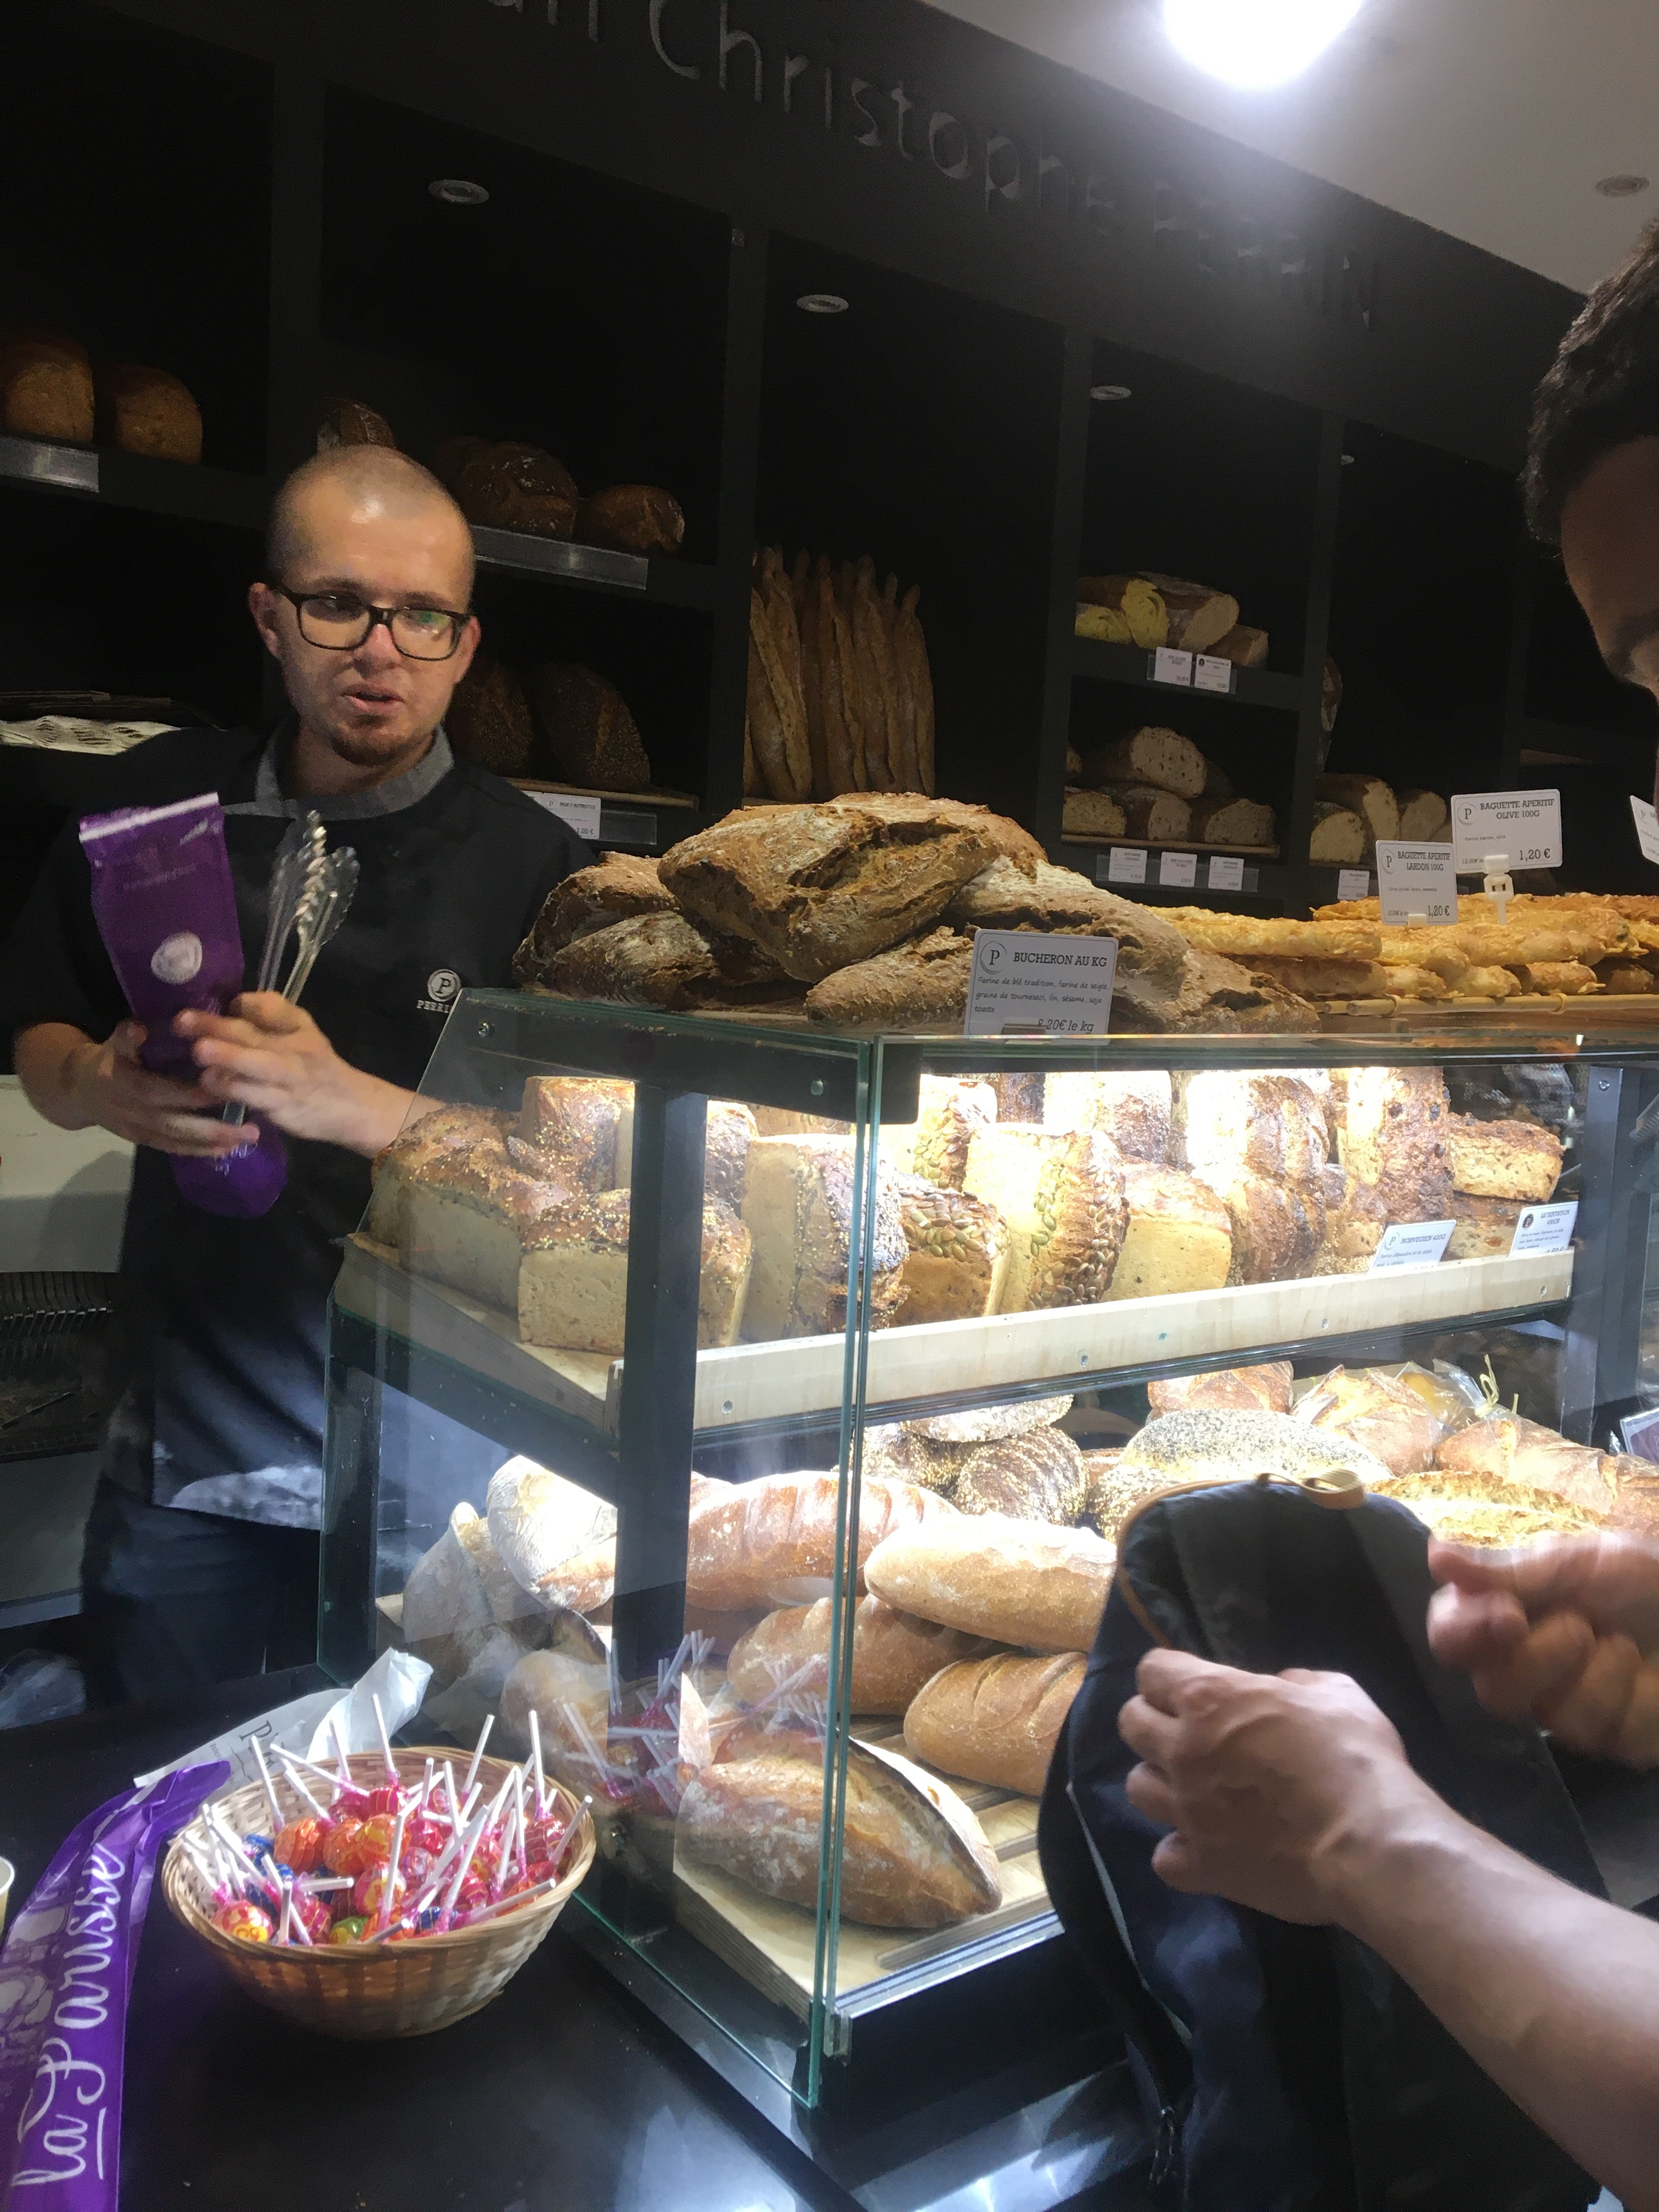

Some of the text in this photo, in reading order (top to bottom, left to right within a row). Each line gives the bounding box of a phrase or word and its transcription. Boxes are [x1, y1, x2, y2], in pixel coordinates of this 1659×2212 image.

[1480, 799, 1555, 810] BAGUETTE APERITIF
[1464, 808, 1471, 820] P
[1522, 810, 1540, 818] 100G
[1386, 855, 1392, 867] P
[1398, 851, 1451, 860] BAGUETTE APERITIF
[1519, 849, 1550, 862] 1,20 €
[1406, 862, 1429, 871] LARDON
[1428, 905, 1449, 917] 1,20 €
[989, 950, 1000, 965] P
[1013, 952, 1107, 967] BUCHERON AU KG
[436, 977, 451, 994] P
[1059, 980, 1078, 988] farine
[975, 991, 997, 1000] graine
[1090, 997, 1102, 1005] soja
[416, 1000, 452, 1013] PERRI
[1068, 1020, 1077, 1031] le
[1080, 1021, 1094, 1034] kg
[1389, 1236, 1396, 1245] P
[1400, 1235, 1432, 1244] NORVEGIEN
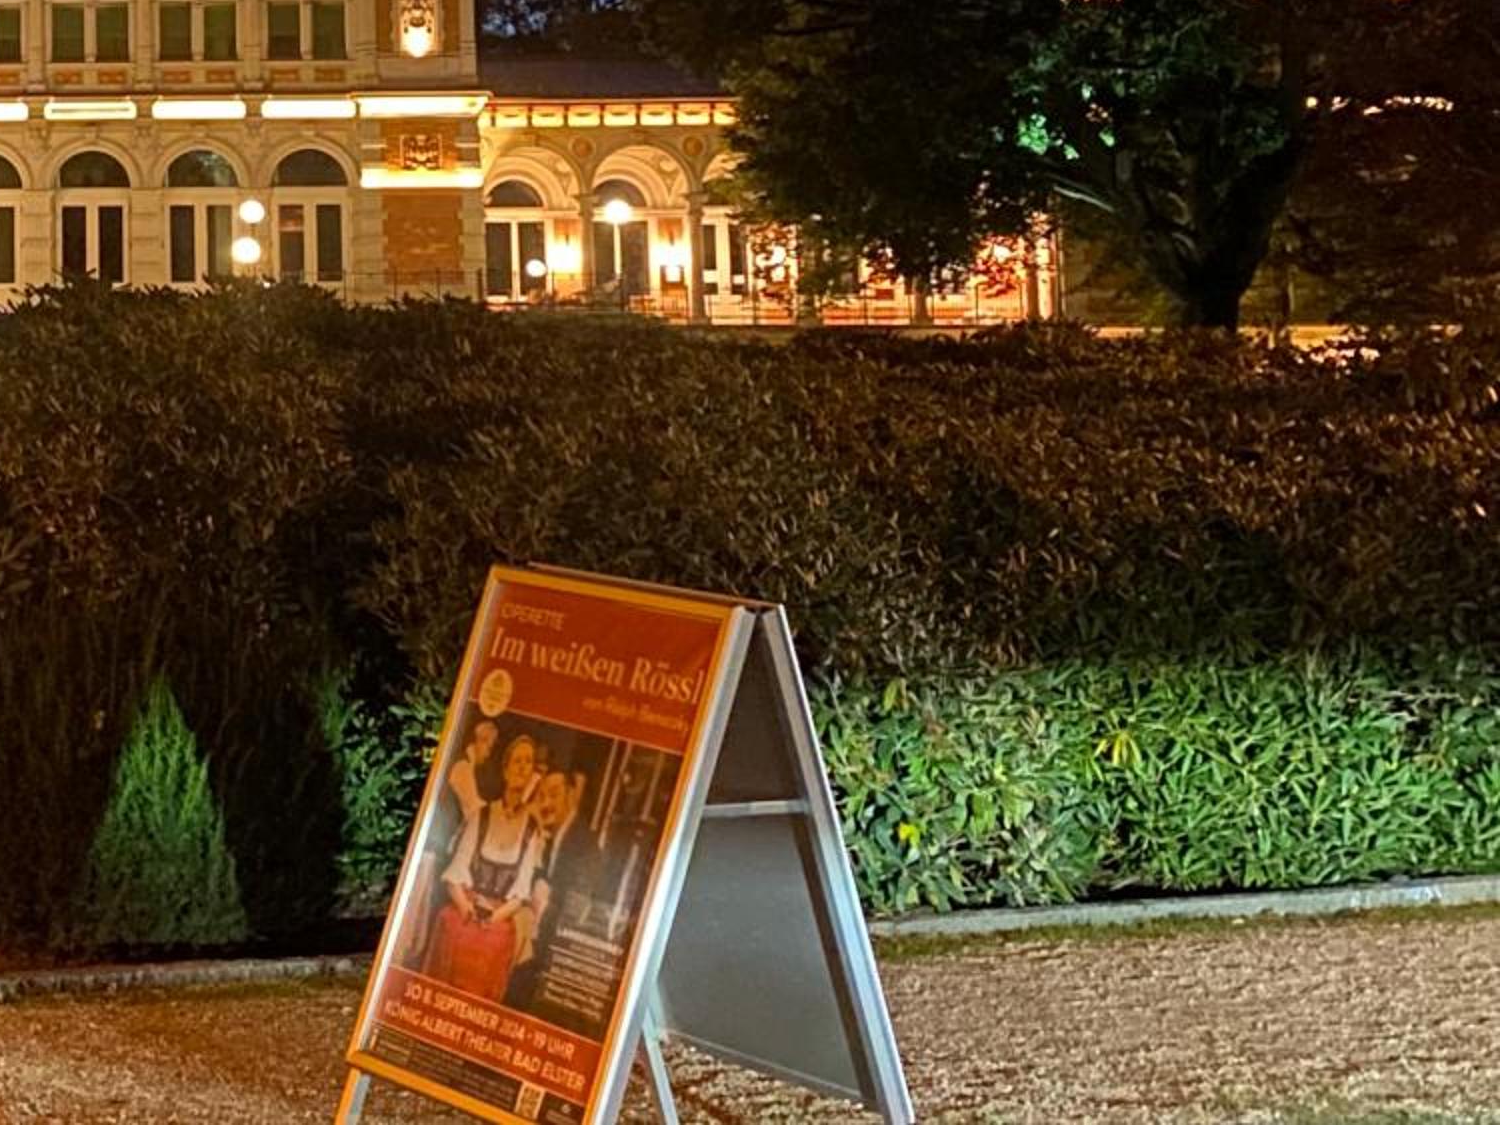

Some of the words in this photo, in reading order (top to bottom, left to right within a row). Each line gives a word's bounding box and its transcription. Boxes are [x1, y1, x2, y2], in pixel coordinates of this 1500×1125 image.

[490, 627, 525, 663] Im
[531, 642, 624, 686] weißen
[630, 657, 704, 705] Rössl
[512, 1049, 541, 1073] BAD

### [WHAT YOU ARE ASKED TO DO]
Please write out exactly the line containing "Some of the words" and every line after it through the end of the records, nothing more.

### [RESULT FOR THIS EXERCISE]
Some of the words in this photo, in reading order (top to bottom, left to right within a row). Each line gives a word's bounding box and its transcription. Boxes are [x1, y1, x2, y2], in pixel coordinates of this 1500×1125 image.

[490, 627, 525, 663] Im
[531, 642, 624, 686] weißen
[630, 657, 704, 705] Rössl
[512, 1049, 541, 1073] BAD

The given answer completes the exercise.